DIOGÈNE le Cynique 3062 (-413,-327) est un philosophe de l’antiquité bien connu, un personnage de légende qui prônait une vie naturelle authentique ; il n’avait pour les honneurs que mépris et vivait dans un tonneau, s’habillait d’un unique manteau, et allait pieds nus. Voyant un enfant boire dans ses mains il brisa, dit-on, son unique écuelle disant qu’elle lui était encore superflue. Lorsque Alexandre le grand lui-même, à Corinthe, prenant conseil auprès de lui, lui demanda ce qu’il voulait qu’il fasse, DIOGÈNE répondit : “Que tu t’ôtes de mon soleil.”

Enfin, on raconte encore qu’on le vit déambulant dans les rues d’Athènes, au beau milieu du jour, une lanterne à la main, et disant à celui qui l’interrogeait “Je cherche un homme.”

DIOGÈNE cherchait donc un homme mais quel homme ? SOCRATE(-470- 399) ou ... Jésus ?

L’aurait-il reconnu dans le philosophe qui met en convergence la théorie et la pratique s’opposant ainsi aux sophistes qui ne cherchaient qu’à séduire ?

On peut le penser ... car il se devait de le connaître et aurait pu le rencontrer du temps de sa jeunesse.

L’aurait-il reconnu en Jésus, le Messie annoncé au peuple d’Israël par le message biblique et la voix des prophètes, la parole faite chair, le sauveur de l’humanité qui montre à l’homme l’Espérance nouvelle d’une communion avec Dieu devenu par lui, Père ? On peut en douter ... car il ignorait tout de cette histoire qui se tramait en terre de Palestine.

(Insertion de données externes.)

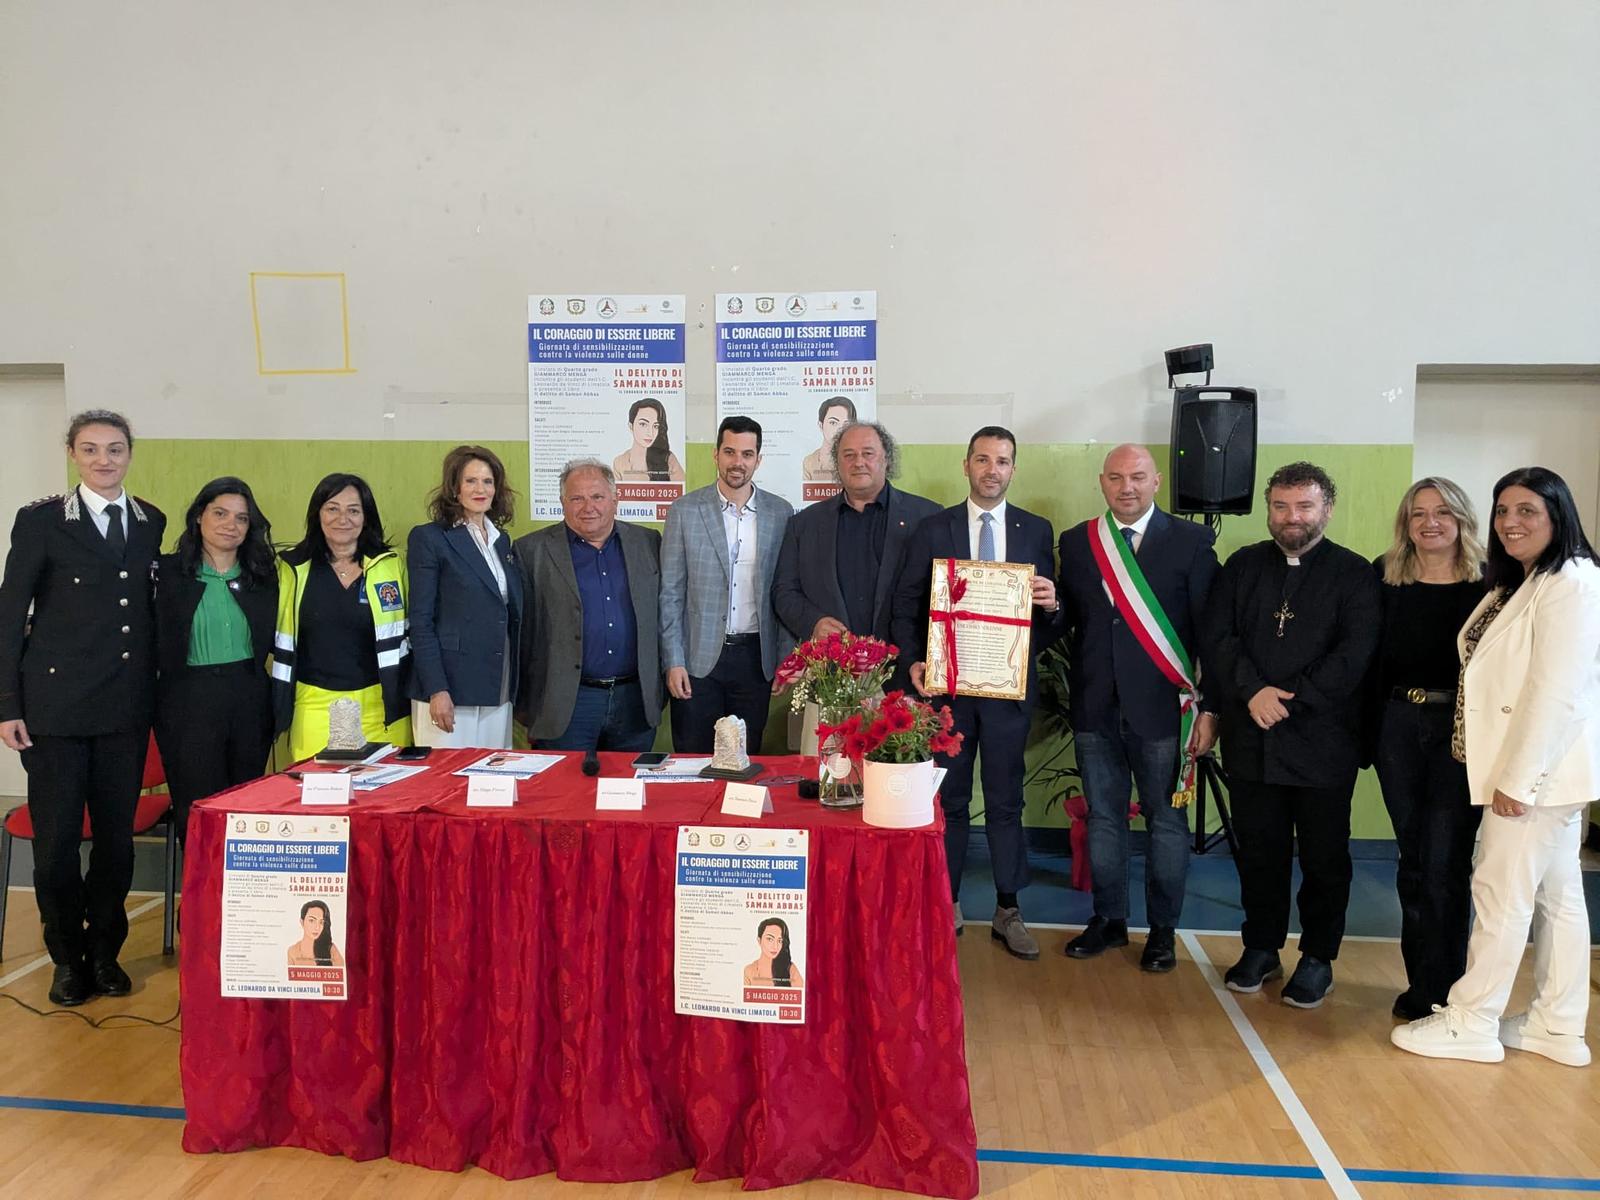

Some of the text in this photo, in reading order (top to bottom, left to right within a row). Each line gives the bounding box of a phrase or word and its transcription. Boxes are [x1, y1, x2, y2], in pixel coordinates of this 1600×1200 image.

[533, 328, 676, 340] IL CORAGGIO DI ESSERE LIBERE
[721, 326, 866, 339] IL CORAGGIO DI ESSERE LIBERE
[727, 342, 758, 350] Giornata
[771, 341, 834, 349] sensibilizzazione
[727, 350, 750, 358] contro
[615, 369, 682, 377] IL DELITTO DI
[804, 366, 873, 375] IL DELITTO DI
[613, 380, 683, 388] SAMAN ABBAS
[802, 377, 874, 387] SAMAN ABBAS
[617, 489, 678, 497] 5 MAGGIO 2025
[806, 488, 811, 497] 5
[620, 508, 653, 517] LIMATOLA
[230, 843, 339, 855] IL CORAGGIO DI ESSERE LIBERE
[682, 857, 798, 870] IL CORAGGIO DI ESSERE LIBERE
[686, 868, 711, 876] Giornata
[721, 870, 772, 878] sensibilizzazione
[318, 885, 344, 893] ABBAS
[746, 901, 804, 910] SAMAN ABBAS
[746, 991, 750, 999] 5
[780, 993, 798, 1001] 2025
[692, 1004, 720, 1012] LEONARDO
[731, 1007, 747, 1015] VINCI

Jésus arrivera quelques siècles plus tard dans l’histoire d’ un peuple préparé par une parole biblique, et l’annonce des prophètes.

Cela signifie sans doute que dans la dimension chrétienne biblique, le temps prend une position de grande importance ainsi que l’éducation que celui-ci permet car même si Jésus fut rejeté encore fallait-il qu’il puisse être entendu et que le temps soit venu pour qu’il vive parmi les hommes et annonce le message de la bonne nouvelle (étymologie d’évangile).

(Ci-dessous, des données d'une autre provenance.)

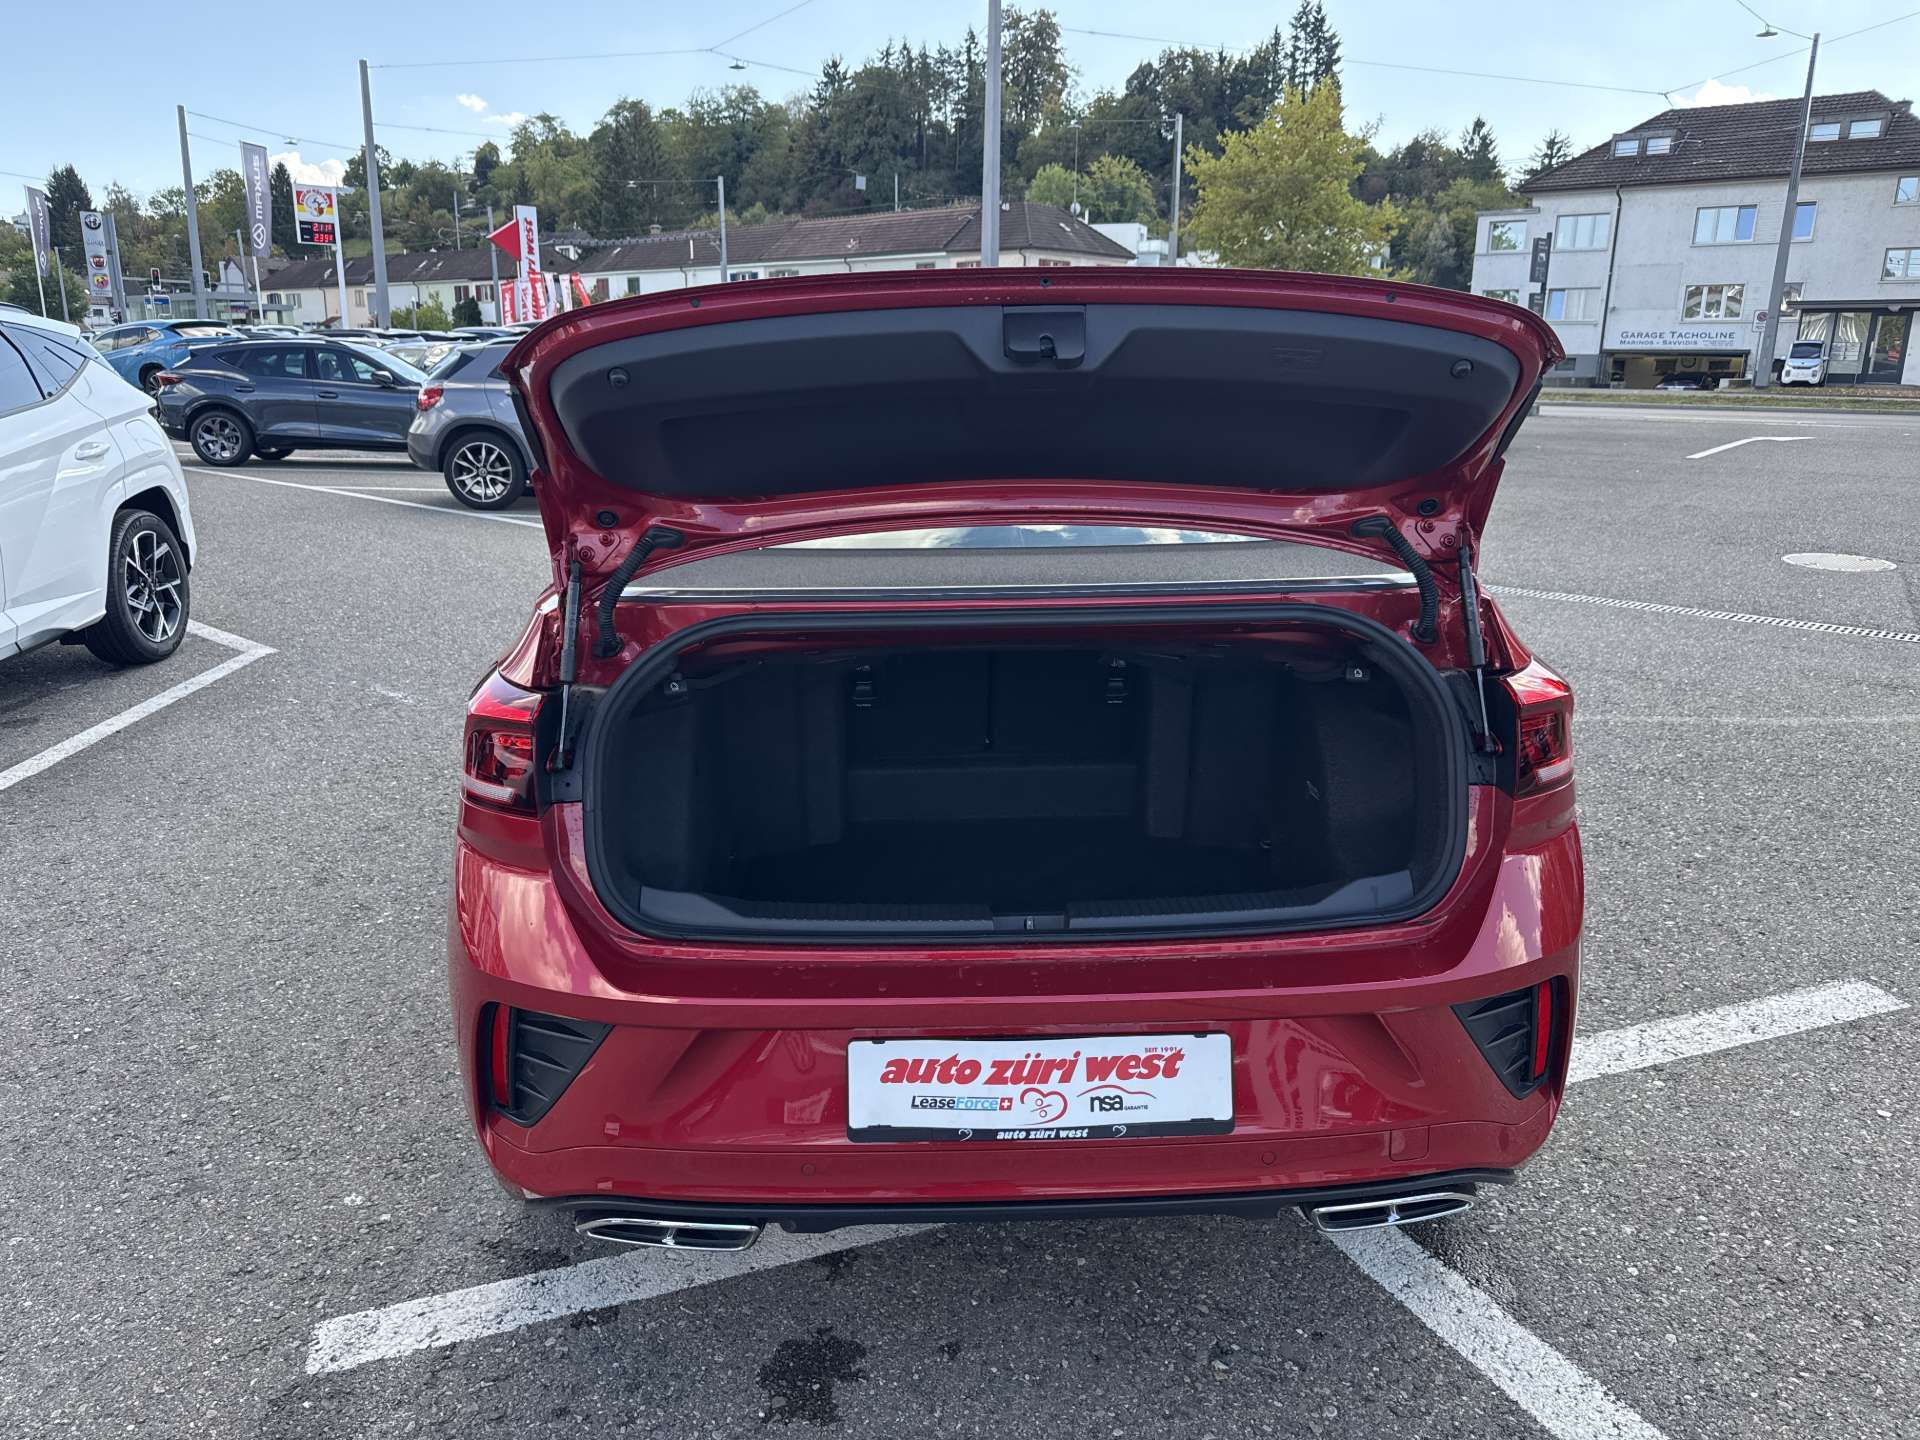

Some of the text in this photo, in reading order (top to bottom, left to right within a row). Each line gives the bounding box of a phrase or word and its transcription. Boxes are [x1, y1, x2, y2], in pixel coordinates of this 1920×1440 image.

Les temps, dans une perspective biblique sont entre les mains de Dieu, ainsi distingue-t-on le temps de la création, le temps du jardin d’Eden, puis celui de la chute, le temps du déluge le temps de la première alliance faite à Noé après le déluge, le temps de la tour de Babel puis celui de la dispersion des peuples, le temps de l’alliance renouvelée faite à Abraham ouvrant le temps des patriarches dont Jacob appelé aussi Israël son petit fils héritant de l’alliance deviendra le père de la nation juive , le temps de l’exode en Egypte, le temps de l’installation dans la terre promise où la loi est révélée à Moïse, le temps des juges puis celui des rois d’Israël, les temps des prophètes, la déportation à Babylone et le retour à la terre promise, l’occupation syrienne égyptienne ou romaine enfin la mort sur la croix qui donne naissance au temps de la nouvelle alliance, qui s’ouvre à la croix et s’affirme dans la résurrection l’ascension, la pentecôte qui ouvre le temps de l’église enfin, les derniers temps à venir ou présents en tout cas annoncés du retour du Christ. Car les temps auront une fin.

Pour les grecs, la notion du temps était autre et ce dernier revêtait au moins trois dimensions :

La première est symbolisée par Cronos (Kronos), le dernier des titans qui selon la mythologie sépara son père Ouranos (le ciel) de sa mère (la terre) Gaïa quand armé d’une faucille par celle-ci, il trancha les testicules de son père et le mutila. Cette première notion signifie l’inéluctable du temps qui passe, ainsi que l’inévitable chronologie des choses.

La seconde correspond au mot Kaïros et signifie le temps événement ou l’événement accompli.

La troisième est exprimée par le mot Aiôn et signifie le temps éternité.

Le premier, Cronos, est le symbole ou plutôt le cadre de la condition humaine mortelle soumise à l’inéluctable fatalité du temps insaisissable source de la fugacité et du vieillissement avant la disparition finale. Comme pour symboliser cet aspect inéluctable de la condition humaine, Cronos dévorait au fur et à mesure de leur naissance tous ses enfants qu’il eut avec sa soeur Rhéa, la titanide ... Mais celle-ci substituera au dernier de ses enfants, Zeus, une pierre entourée de langes ... Devenu adulte, Zeus après l’avoir drogué à son insu, fera vomir par Cronos, ses frères , et, ceux-ci deviendront, avec lui, les dieux de l’Olympe. Cronos sera enfin vaincu par Zeus et précipité dans le Tartare, autrement dit l’enfer.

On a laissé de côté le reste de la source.